What is discoid eczema?
Discoid, or nummular, eczema is a chronic inflammatory skin condition; it’s a type of atopic dermatitis or eczema, characterised by its distinctive ring-shaped patches. Although it’s not clear exactly why it happens, various factors that might trigger or exacerbate a flare-up of discoid eczema have been identified. These include things as disparate as dry weather conditions, irritants in household cleaning products or toiletries, stress, chemicals, medications and poor circulation in the lower legs. The patches of eczema can be dry, itchy and sore, sometimes distressingly so. The skin can weep,ooze or crust over, and is vulnerable to getting infected.
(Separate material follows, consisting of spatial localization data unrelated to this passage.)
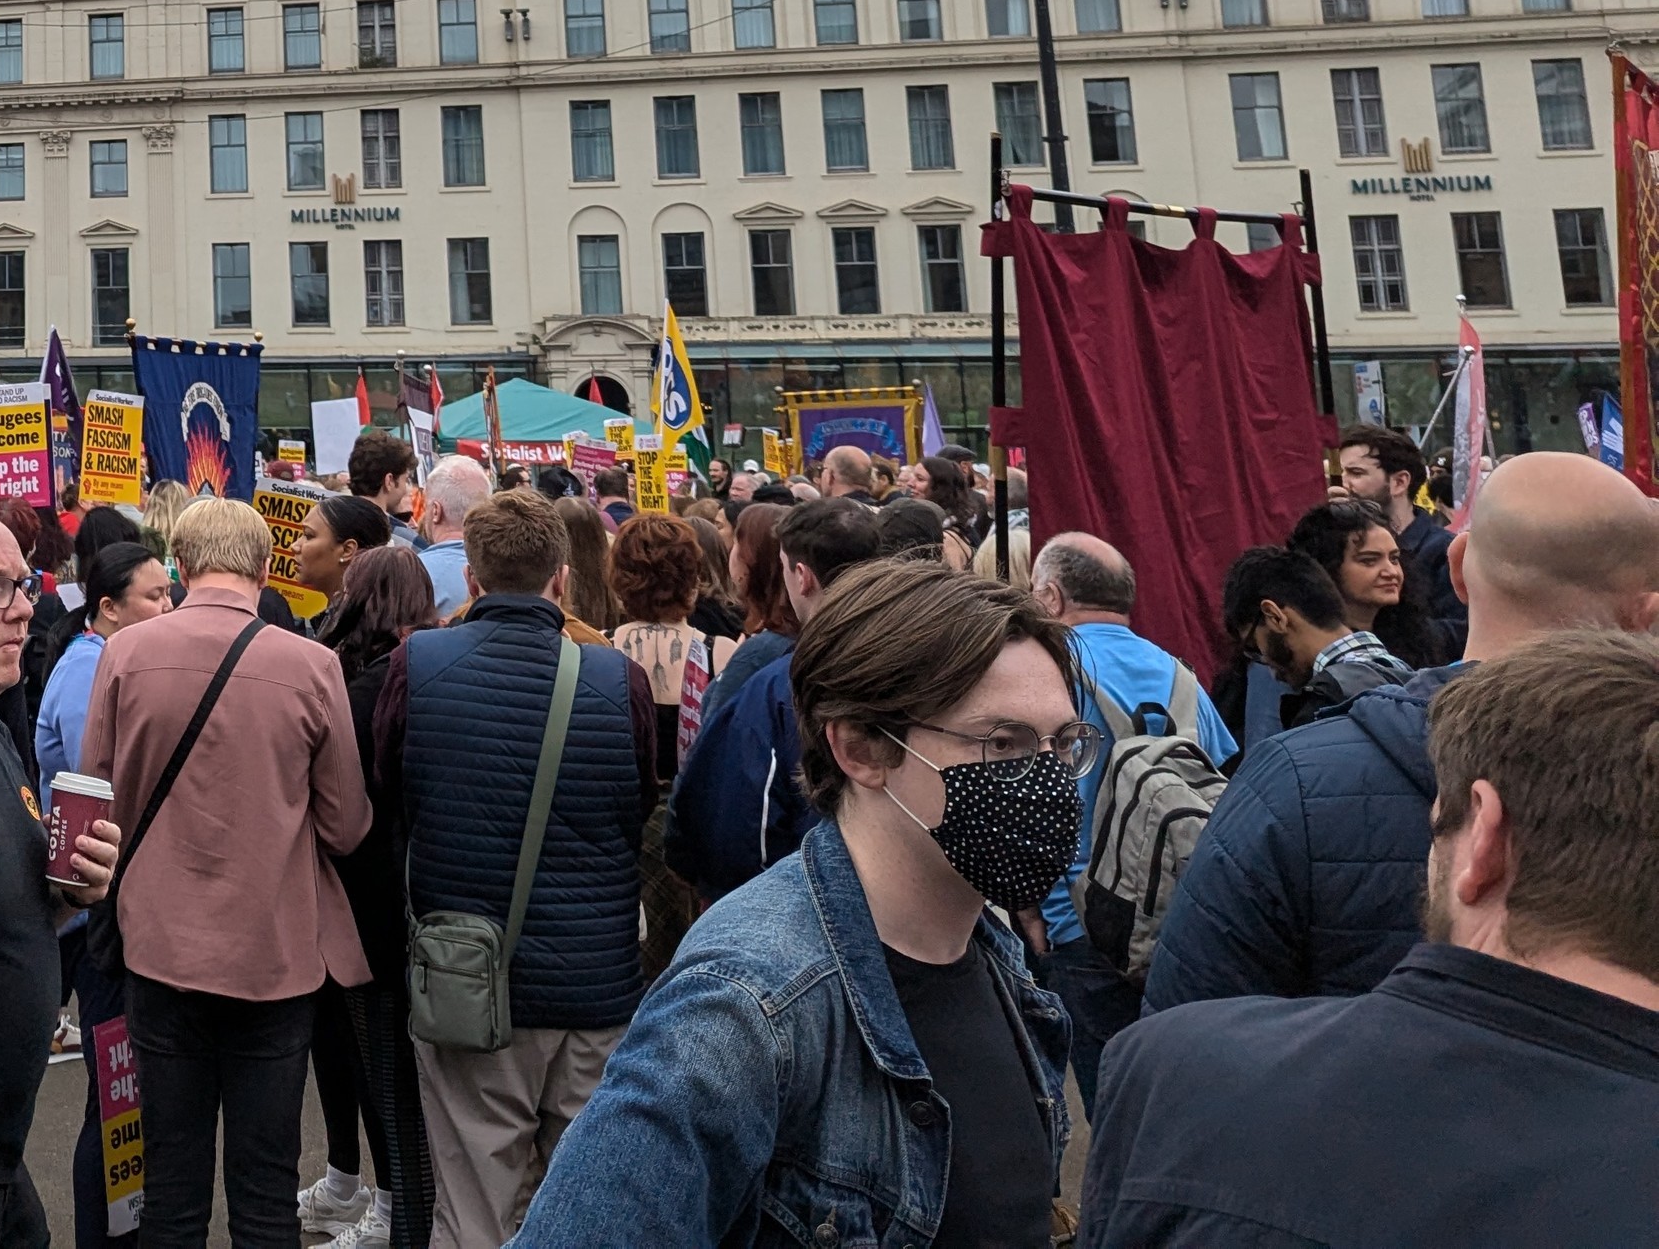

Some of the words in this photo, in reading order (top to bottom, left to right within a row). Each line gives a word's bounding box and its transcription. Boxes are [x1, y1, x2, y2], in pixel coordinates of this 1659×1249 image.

[1351, 175, 1493, 195] MILLENNIUM
[291, 207, 400, 223] MILLENNIUM
[4, 395, 28, 403] RACISM
[88, 405, 124, 426] SMASH
[86, 429, 131, 450] FASCISM
[12, 456, 39, 474] the
[85, 452, 93, 470] &
[97, 453, 137, 474] RACISM
[638, 452, 657, 465] STOP
[639, 466, 652, 479] THE
[0, 476, 39, 497] right
[641, 481, 652, 494] FAR
[642, 495, 664, 509] RIGHT
[48, 805, 61, 861] COSTA
[60, 819, 68, 850] COFFEE
What does discoid eczema look like?
This type of eczema is distinguished from other kinds of skin condition by the shape and appearance of its circular lesions. These patches of skin start quite tiny; they can be made up of bumps, spots or blisters, which increase in circumference and size, and spread outwards from this initial raised area. Eventually reaching up to 2-3cm, the patches tend to be most itchy and inflamed on their outer edge, and can leave an area of clear skin in the middle of the ring as they expand.
Who gets discoid eczema?
The quick answer is that anyone can get discoid eczema - but not everyone does! It tends to occur in adults, not children. (Itchy circular lesions on children are more likely to be caused by ringworm, which is a fungal infection rather than eczema.) It’s more common in men than in women; men might develop a first patch of discoid eczema after the age of 55, while women with discoid eczema are more likely to be between 15-25 years old.
It is a reasonably common kind of eczema, with about 2 in 1000 people suffering from the condition.
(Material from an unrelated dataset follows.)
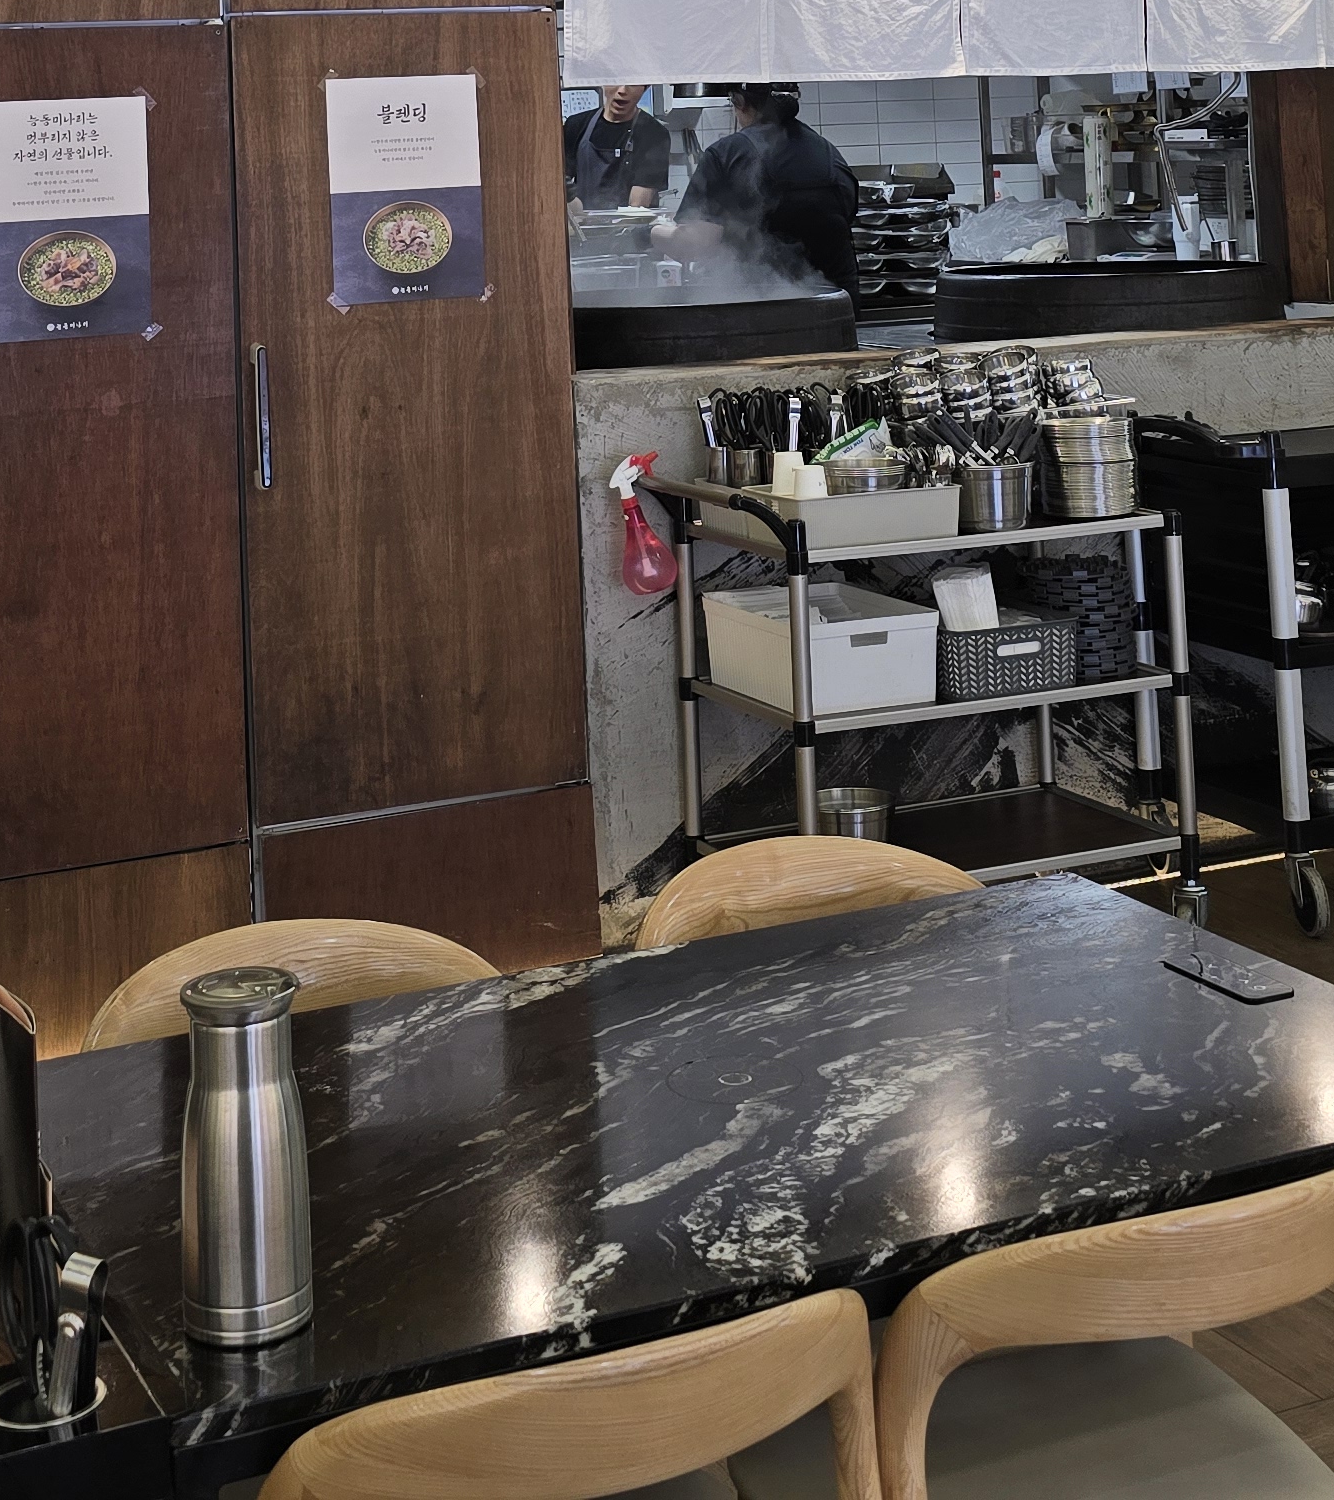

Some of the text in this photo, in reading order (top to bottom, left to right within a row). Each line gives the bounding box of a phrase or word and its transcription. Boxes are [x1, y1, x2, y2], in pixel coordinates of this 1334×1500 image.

[27, 112, 98, 127] 능동미나리는
[376, 103, 428, 125] 블렌딩
[26, 129, 100, 145] 멋부리지 않은
[12, 145, 113, 162] 자연의 선물입니다.
How to manage discoid eczema
As with any kind of eczema, the key to managing discoid eczema involves three steps:
- Identifying and avoiding your triggers
- Soothing inflammation/itchiness
- Applying emollients
It is often possible to manage a flare of discoid eczema at home and without prescribed medication (see our article How Do You Treat Discoid Eczema Naturally? for more information), but if the problem doesn’t improve or worsens, or if you’re worried about infection, then consult a doctor or pharmacist.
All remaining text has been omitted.